Storia Fatti e Misfatti

Ilos: the deportees of Diego Garcia

In the middle of the Indian Ocean, between Africa and Asia, Britain wrote one of the most shameful pages of its history.

A hardly known population, Ilos, the inhabitants of Chagos islands, was deported and transferred to Mauritius and Seychelles islands between 60s and 70s to allow the construction of Camp Justice, a strategic military base at Diego Garcia which played a crucial role during the two Gulf wars and the intervention in Afghanistan.

At the end of the eighteenth century, Ilos reached Chagos islands, which would have been enclosed in Mauritius territory after the colonial wars between France and England.
A population of two thousands individuals, they lived on fishing and on the work in coconut plantations till the Sixties, when USA decided to establish a military base to control the Indian Ocean, and the British government accepted to let out the island for the following seventy years in exchange for a supply of Polaris missiles. Chagos archipelago was taken away from Mauritius territory and became a part of the British Indian Ocean Territories.

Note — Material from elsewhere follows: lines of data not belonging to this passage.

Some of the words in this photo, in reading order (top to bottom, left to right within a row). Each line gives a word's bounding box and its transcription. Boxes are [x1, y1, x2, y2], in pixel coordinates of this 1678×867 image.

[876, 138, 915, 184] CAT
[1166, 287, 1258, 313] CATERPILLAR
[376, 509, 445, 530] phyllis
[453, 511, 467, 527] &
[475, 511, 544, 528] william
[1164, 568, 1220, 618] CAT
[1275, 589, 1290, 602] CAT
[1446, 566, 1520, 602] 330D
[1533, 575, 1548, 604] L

The situation of Ilos still had to be dealt with, and British government did not lose time. Pressures followed one another, and meanwhile the Foreign Office tried with all means to pass the local population off as “seasonal workers” in order to justify their leave.
Britain acquired the plantations and then closed them to make the population unemployed, and the same thing happened to schools and hospitals.

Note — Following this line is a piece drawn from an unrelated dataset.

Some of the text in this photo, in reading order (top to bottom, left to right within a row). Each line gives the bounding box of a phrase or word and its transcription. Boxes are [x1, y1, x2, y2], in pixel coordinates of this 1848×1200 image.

Those who went to Mauritius islands to receive health care were not allowed to go back, and, for those who remained, their fields were burnt and their cattle killed, as a documentary shot by journalist John Pilger in 2004 shows.

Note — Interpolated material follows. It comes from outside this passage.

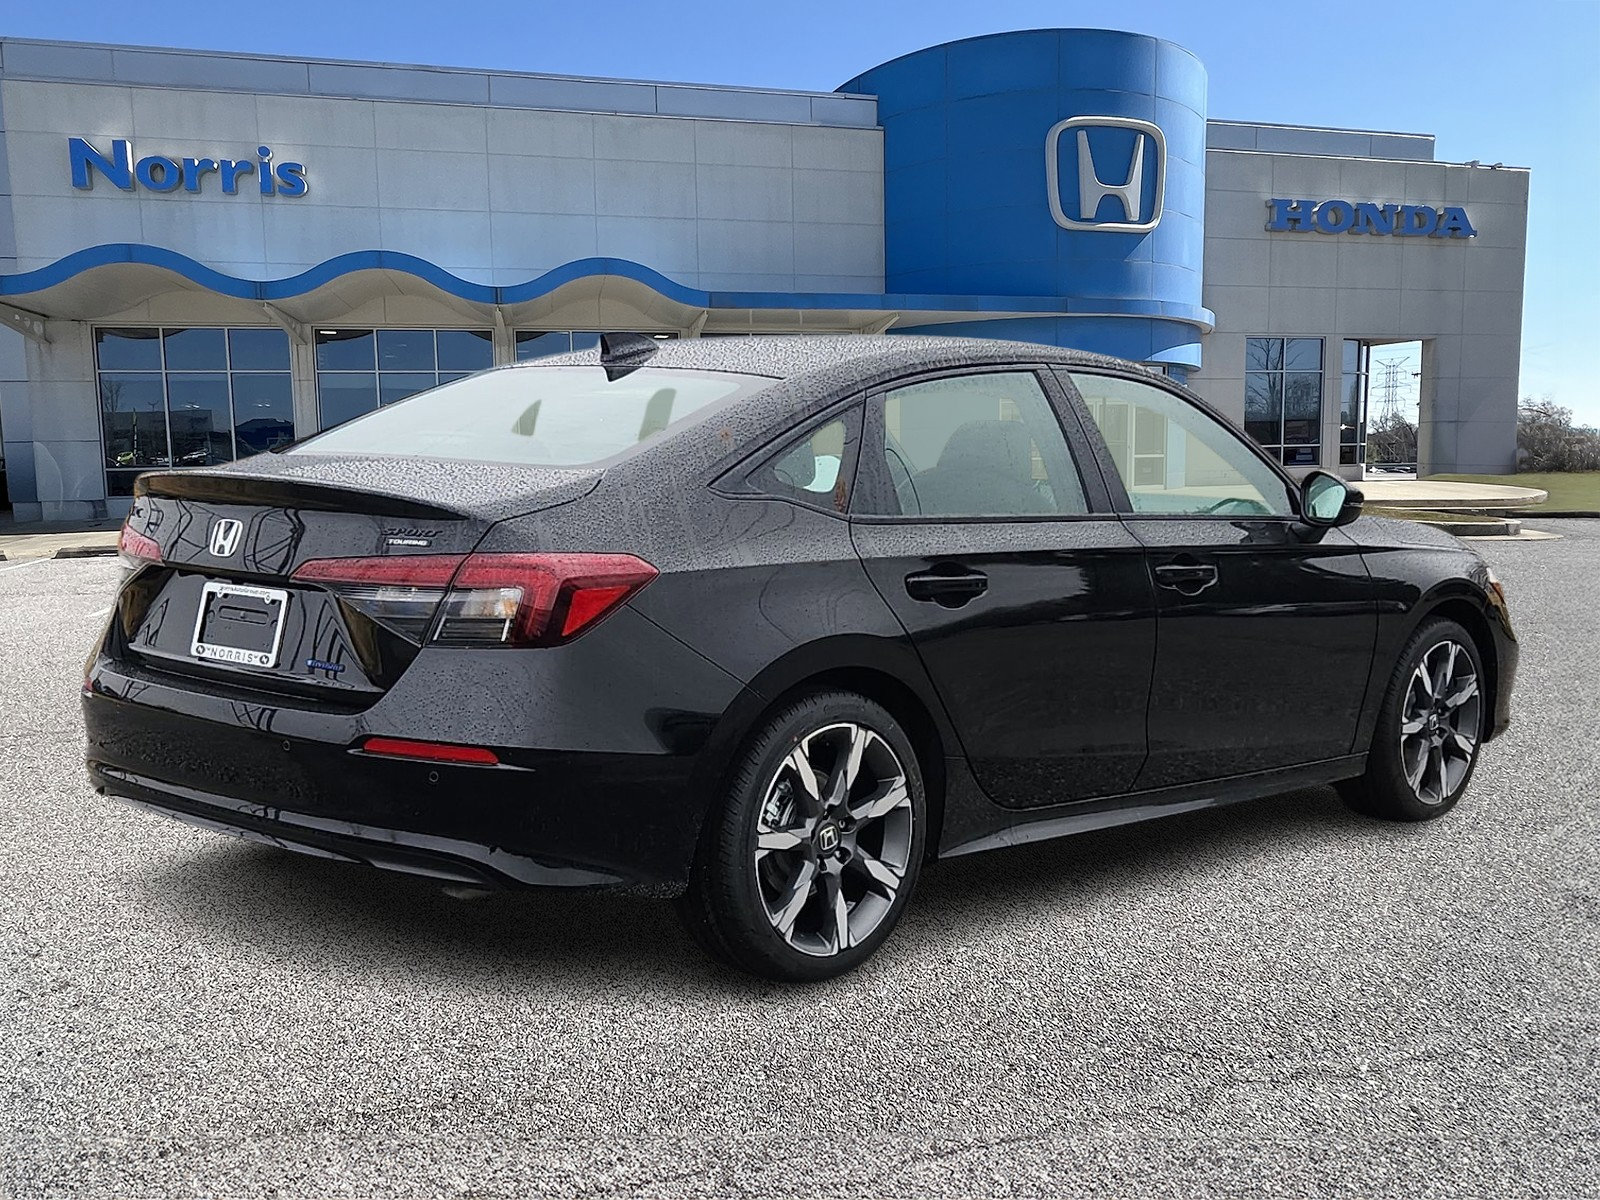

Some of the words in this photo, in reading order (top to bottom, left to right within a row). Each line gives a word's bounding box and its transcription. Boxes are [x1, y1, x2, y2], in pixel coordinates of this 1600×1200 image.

[68, 137, 309, 198] Norris
[1266, 199, 1478, 239] HONDA
[388, 538, 429, 546] TOURING
[211, 648, 253, 662] NORRIS

Pressures eventually obtained the desired effect: the majority of Ilos leaved, and those who offered resistance were deported.
They ended up in the outskirts of Port Louis and Victoria, where they never managed to fit in.
Statistics show that the unemployment rate is double than the country average, as well as the use of alcohol and drugs.
Ilos have hopes of returning home.
A 2004 High Court sentence recognised the illegality of the expulsion, but the British government, to invalidate the sentence, released a study inferring that Ilos repatriation would be too expensive, dangerous because of the frequent floods, and it would contribute to the global warming. The island will be let out to the USA till 2016, and from that moment the Mauritius government should exercise sovereignty
Will USA and Britain accept to cede Diego Garcia?
Ilos set their last hopes in the umpteenth appeal to the London High Court and to the European Court of Justice, but the British government has already demonstrated that sentences can be ignored, if they are in contrast with the reason of state.